Entries provided -
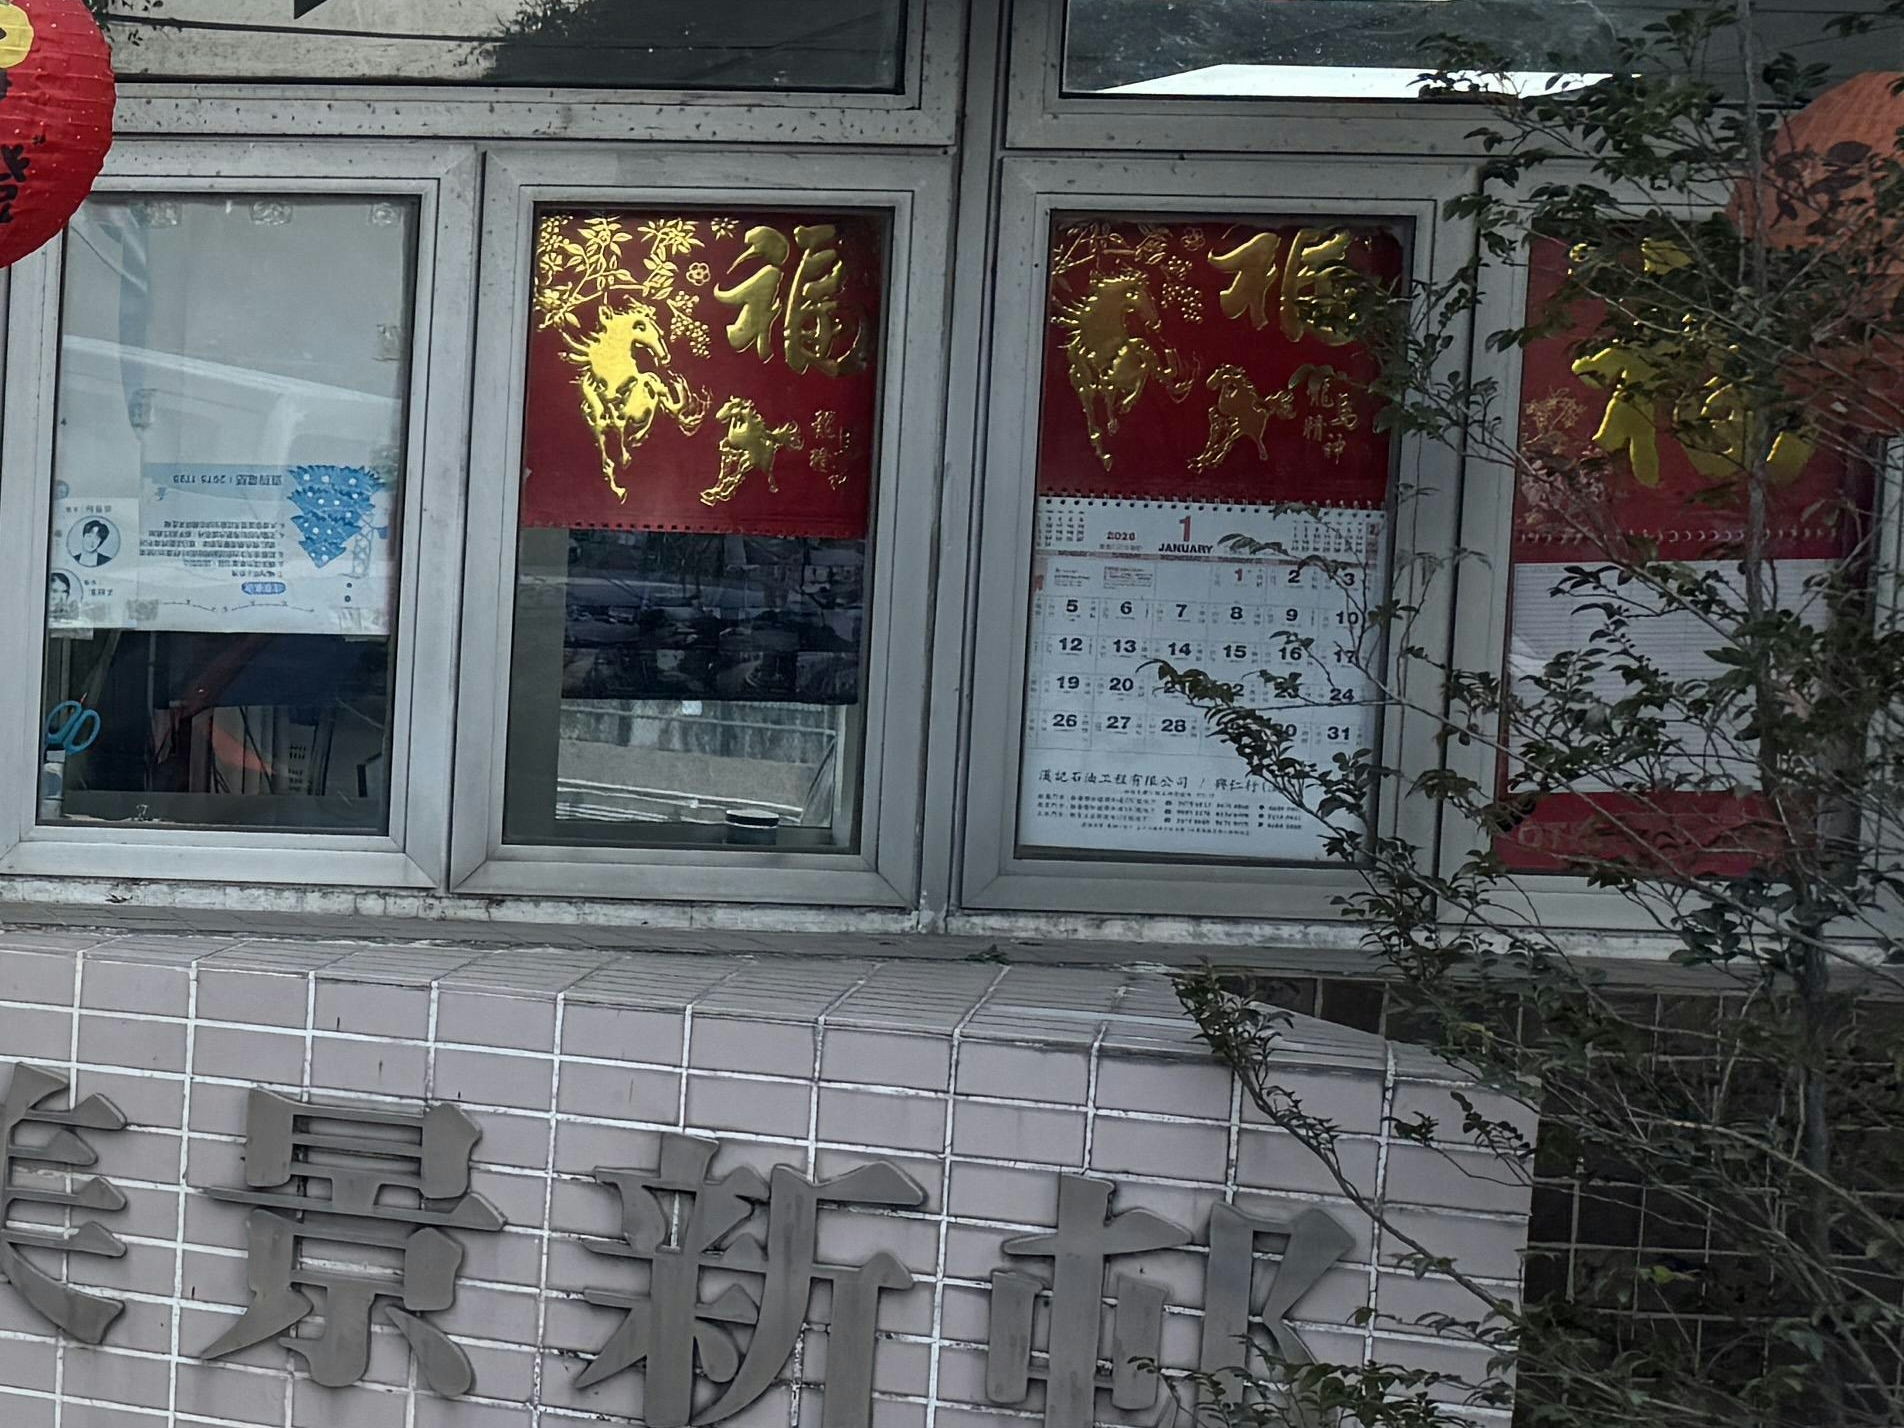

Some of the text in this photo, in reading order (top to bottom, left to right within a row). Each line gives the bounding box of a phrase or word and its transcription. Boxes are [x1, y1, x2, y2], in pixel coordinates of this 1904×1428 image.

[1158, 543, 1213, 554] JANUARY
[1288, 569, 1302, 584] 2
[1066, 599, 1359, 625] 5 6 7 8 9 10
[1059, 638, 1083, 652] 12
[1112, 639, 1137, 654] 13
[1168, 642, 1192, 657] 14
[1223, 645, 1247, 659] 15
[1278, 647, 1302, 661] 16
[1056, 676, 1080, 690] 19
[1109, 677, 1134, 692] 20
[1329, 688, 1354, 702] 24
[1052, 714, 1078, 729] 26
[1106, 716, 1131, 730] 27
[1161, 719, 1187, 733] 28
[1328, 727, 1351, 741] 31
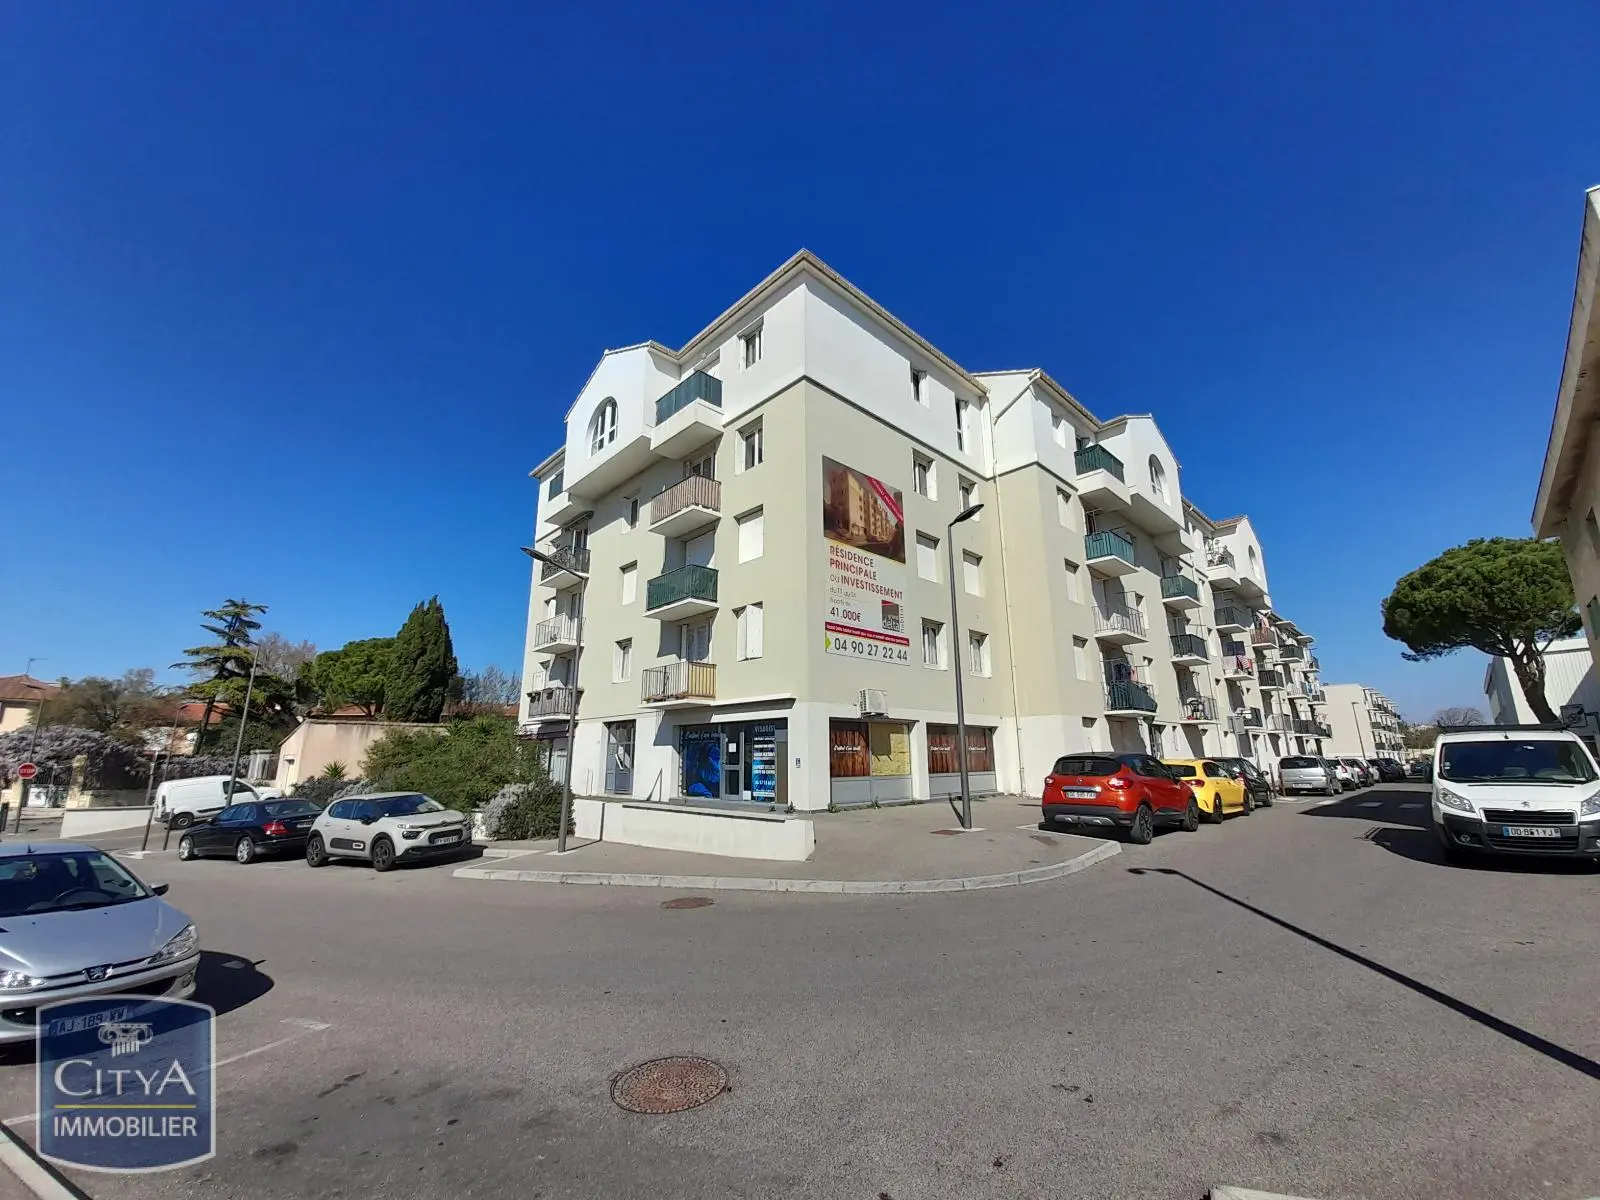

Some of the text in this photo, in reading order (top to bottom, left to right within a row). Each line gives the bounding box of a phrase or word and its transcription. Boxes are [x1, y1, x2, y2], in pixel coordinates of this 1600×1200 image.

Description of the task - Every record above must be copied exactly, and no picture may appear in the copy.

Output of the task -
Some of the text in this photo, in reading order (top to bottom, left to right within a row). Each line gives the bounding box of a phrase or word and its transcription. Boxes are [x1, y1, x2, y2], in pixel coordinates of this 1904×1428 image.

[1158, 543, 1213, 554] JANUARY
[1288, 569, 1302, 584] 2
[1066, 599, 1359, 625] 5 6 7 8 9 10
[1059, 638, 1083, 652] 12
[1112, 639, 1137, 654] 13
[1168, 642, 1192, 657] 14
[1223, 645, 1247, 659] 15
[1278, 647, 1302, 661] 16
[1056, 676, 1080, 690] 19
[1109, 677, 1134, 692] 20
[1329, 688, 1354, 702] 24
[1052, 714, 1078, 729] 26
[1106, 716, 1131, 730] 27
[1161, 719, 1187, 733] 28
[1328, 727, 1351, 741] 31

Some of the text in this photo, in reading order (top to bottom, left to right within a row). Each line gives the bounding box of a phrase or word and its transcription. Boxes are [x1, y1, x2, y2], in pixel coordinates of this 1600×1200 image.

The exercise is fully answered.